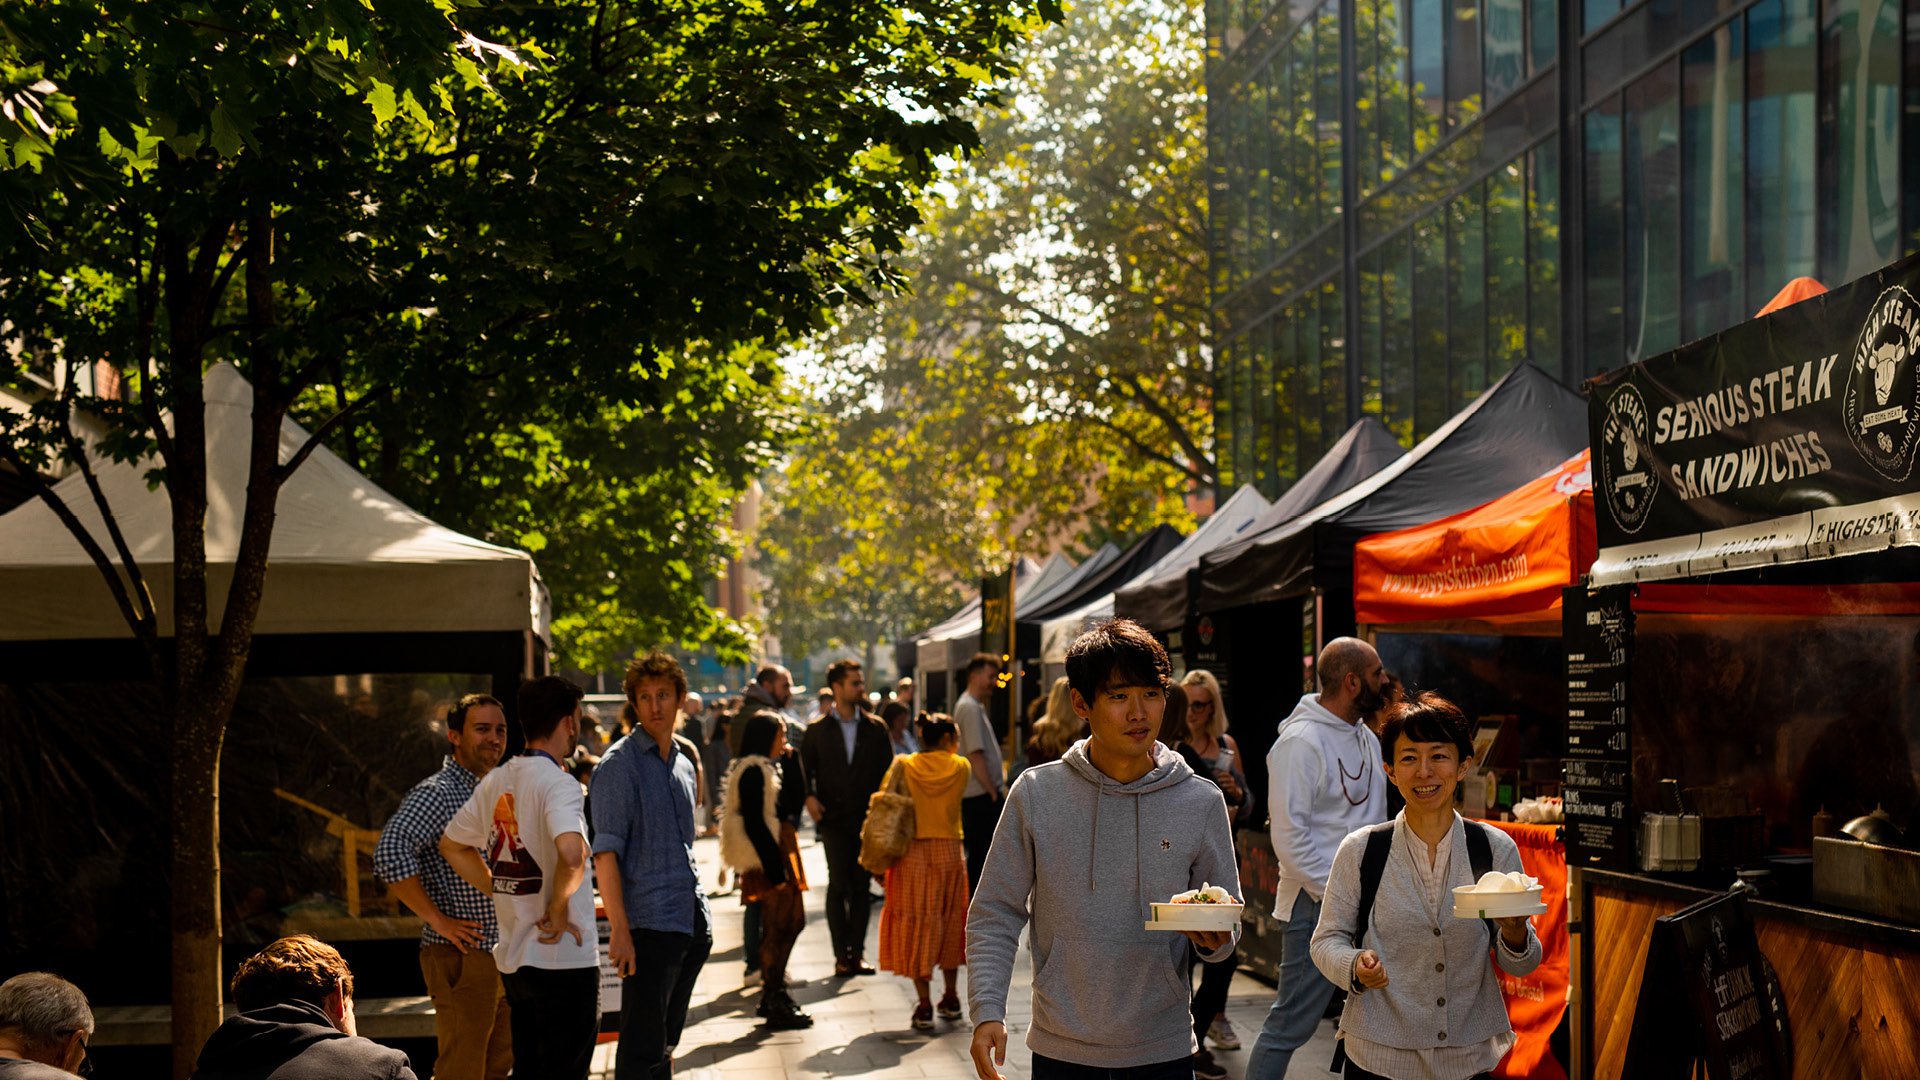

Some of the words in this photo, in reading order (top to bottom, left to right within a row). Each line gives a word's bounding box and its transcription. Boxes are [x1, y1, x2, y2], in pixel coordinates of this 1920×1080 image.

[1856, 313, 1880, 374] HIGH
[1617, 392, 1646, 439] STEAKS
[1654, 384, 1750, 445] SERIOUS
[1750, 354, 1839, 418] STEAK
[1864, 415, 1875, 426] EAT
[1875, 412, 1887, 423] SOME
[1887, 408, 1901, 419] MEAT
[1671, 430, 1832, 500] SANDWICHES
[1714, 535, 1777, 558] COLLECT
[1586, 611, 1601, 625] MENU

#### PROMPT:
Each record should be written out again exactly, though without its pictures.

#### EXERCISE OUTPUT:
Some of the words in this photo, in reading order (top to bottom, left to right within a row). Each line gives a word's bounding box and its transcription. Boxes are [x1, y1, x2, y2], in pixel coordinates of this 1920×1080 image.

[1856, 313, 1880, 374] HIGH
[1617, 392, 1646, 439] STEAKS
[1654, 384, 1750, 445] SERIOUS
[1750, 354, 1839, 418] STEAK
[1864, 415, 1875, 426] EAT
[1875, 412, 1887, 423] SOME
[1887, 408, 1901, 419] MEAT
[1671, 430, 1832, 500] SANDWICHES
[1714, 535, 1777, 558] COLLECT
[1586, 611, 1601, 625] MENU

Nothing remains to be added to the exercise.